Thursday, September 20, 2012

Badfinger: Wish You Were Here


BADFINGER: WISH YOU WERE HERE (1974)

1) Just A Chance; 2) You're So Fine; 3) Got To Get Out Of Here; 4) Know One Knows; 5) Dennis; 6) In The Mean­time/Some Other Time; 7) Love Time; 8) King Of The Load (T); 9) Meanwhile Back At The Ranch/Should I Smoke.

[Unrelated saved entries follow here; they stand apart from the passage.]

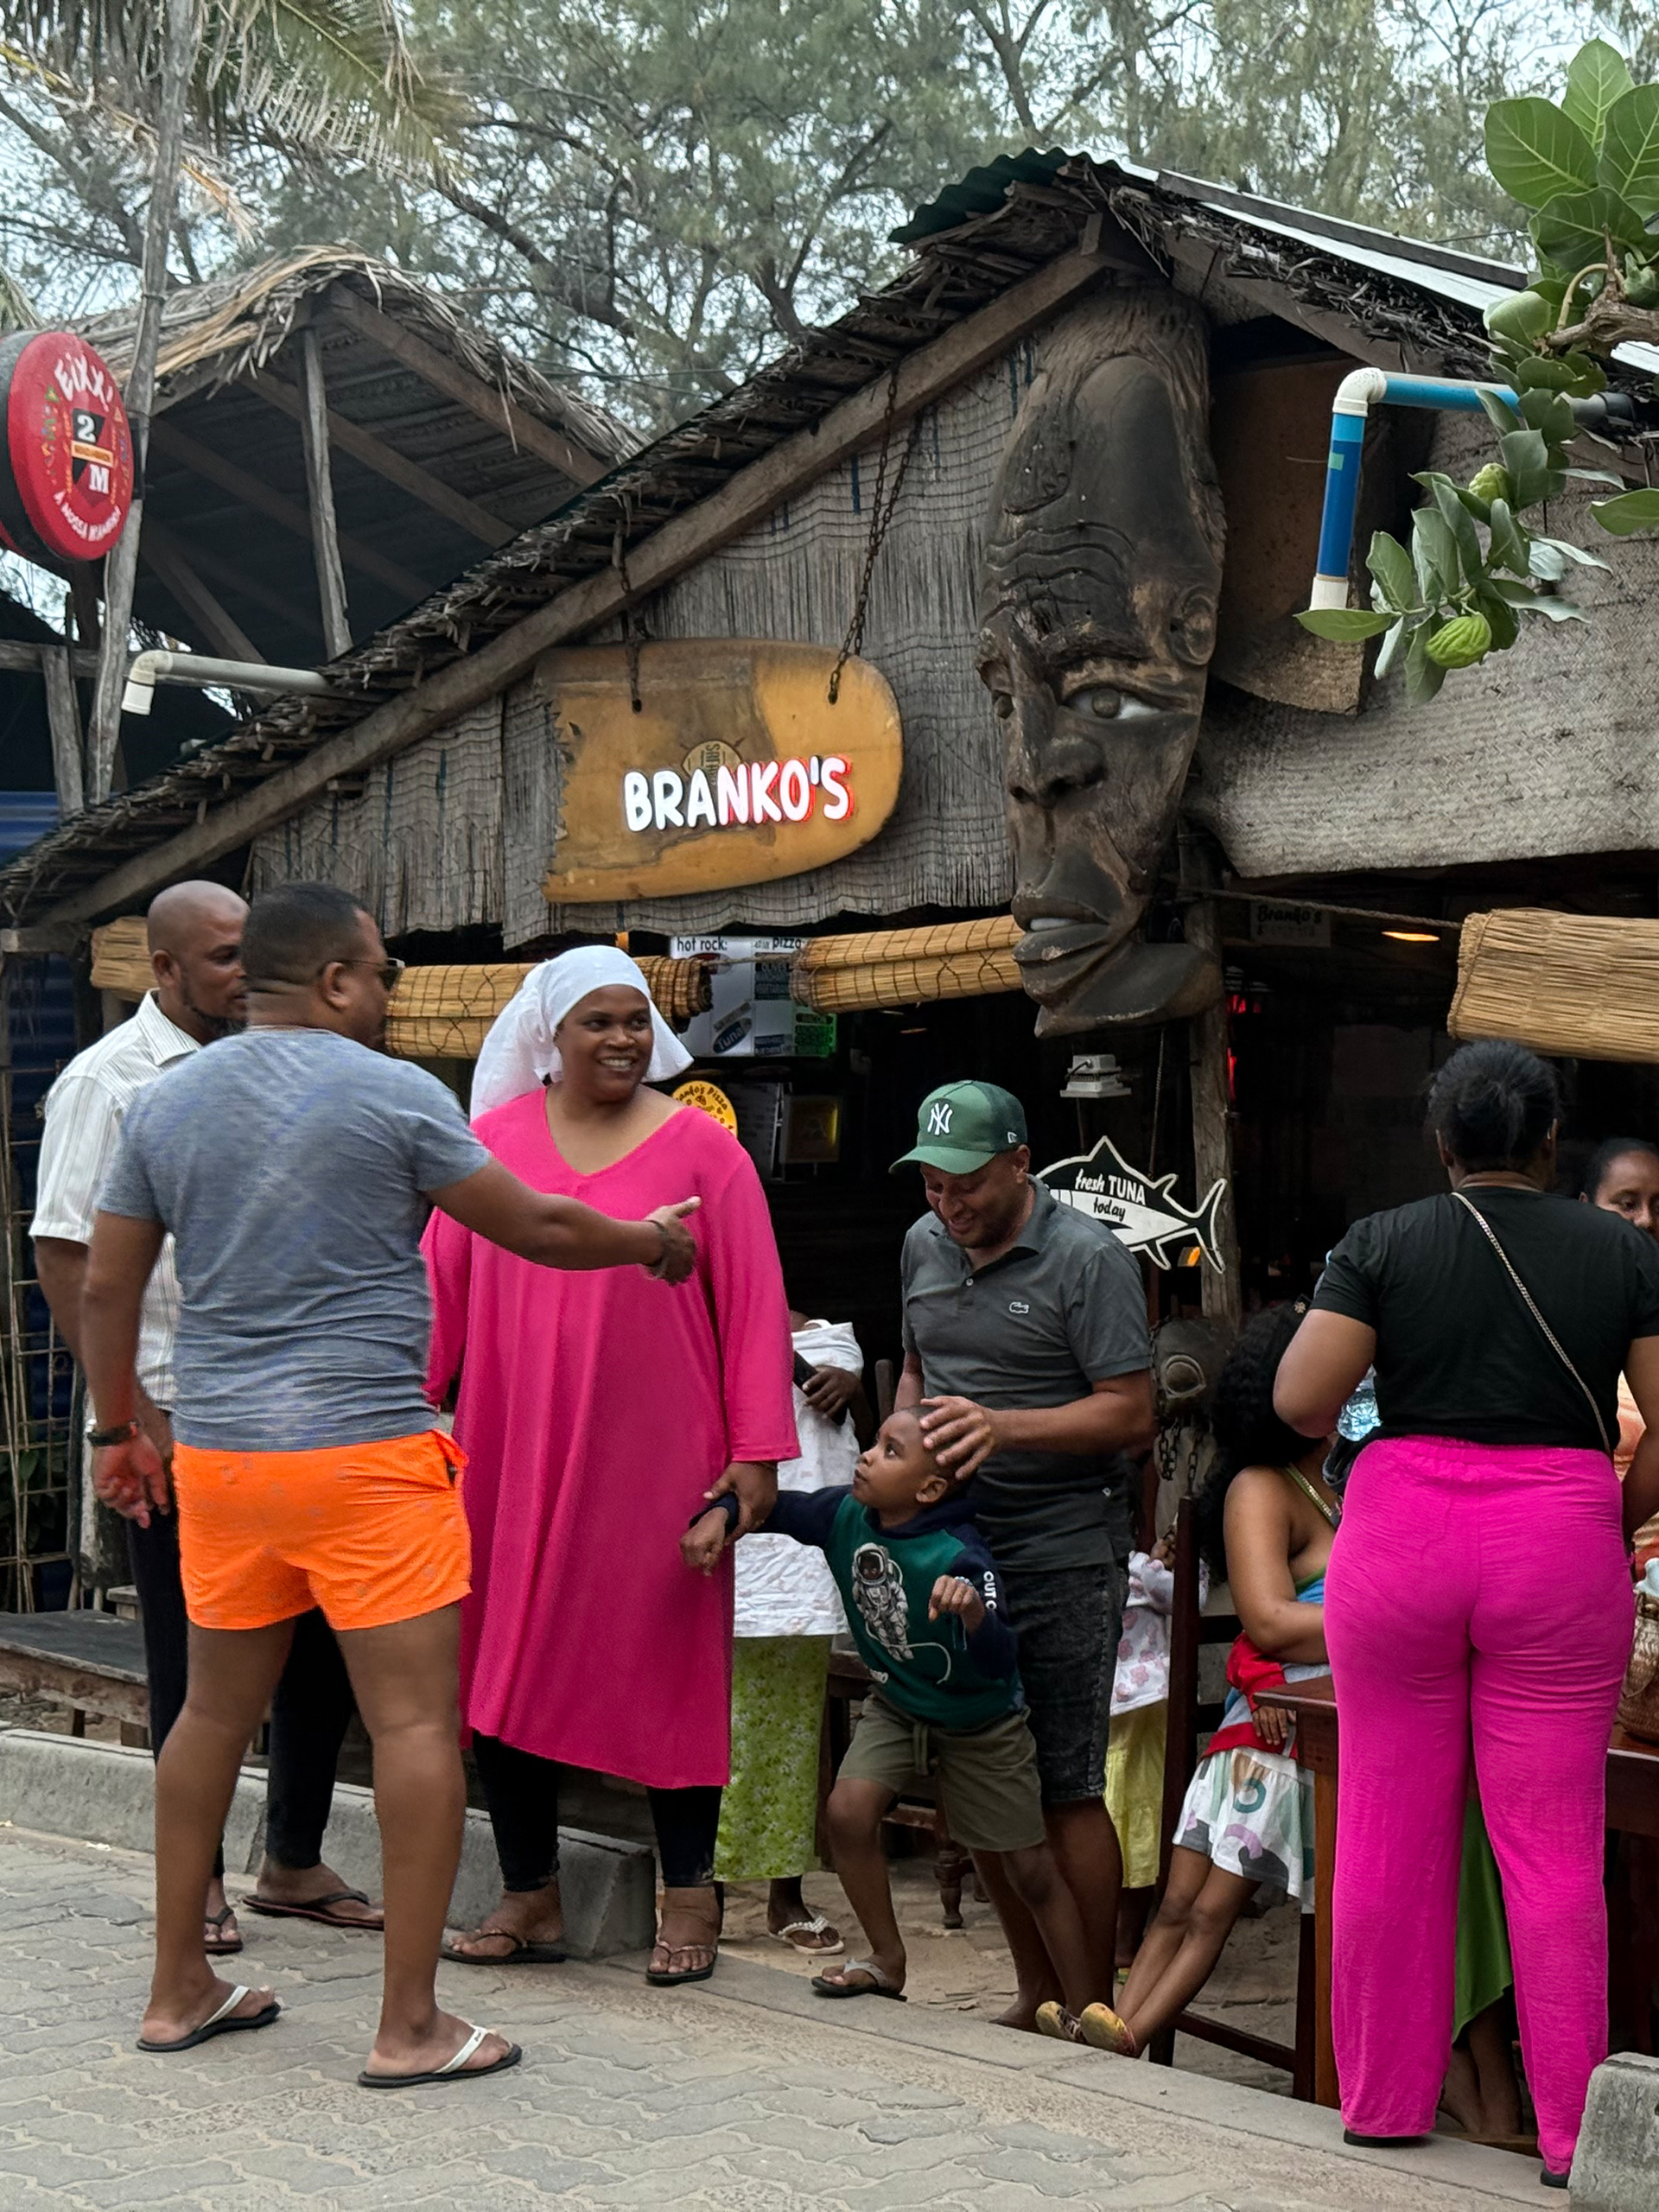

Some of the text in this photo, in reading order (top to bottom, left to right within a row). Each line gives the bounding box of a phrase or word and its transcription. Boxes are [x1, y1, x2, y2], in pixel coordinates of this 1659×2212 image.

[77, 414, 96, 442] 2
[88, 463, 110, 495] M
[624, 755, 852, 832] BRANKO'S
[677, 937, 696, 951] hot
[927, 1103, 953, 1135] NY
[1074, 1167, 1147, 1205] fresh TUNA
[1093, 1197, 1126, 1222] today
[983, 1571, 997, 1599] OUT

Wish You Were Here may be no masterpiece for the ages, and it might not have the most easily memorable, stay-with-you-for-life Badfinger songs, but it is definitely the Badfinger-est album of the all. A record, that is, which tries to dig as deep and to climb as high as could be physically possible for these guys, without a single overtly wrong twist or turn, a single glaring lapse of taste, a single court case of the band trying hard to be somebody else. It probably would not have been a big commercial success even if it did not undergo the proverbial «Badfinger luck» treatment  (due to legal haranguing between Warner Bros. and the band's management, it was pulled from the stores only seven weeks after the initial release; we cannot even technically call it a «flop», since it did not have enough time to flop). But it is exactly due to the fact of sounding like a Bad­finger album, not like a «1974-oriented album», that it has aged much, much better than nume­rous hit records from that year.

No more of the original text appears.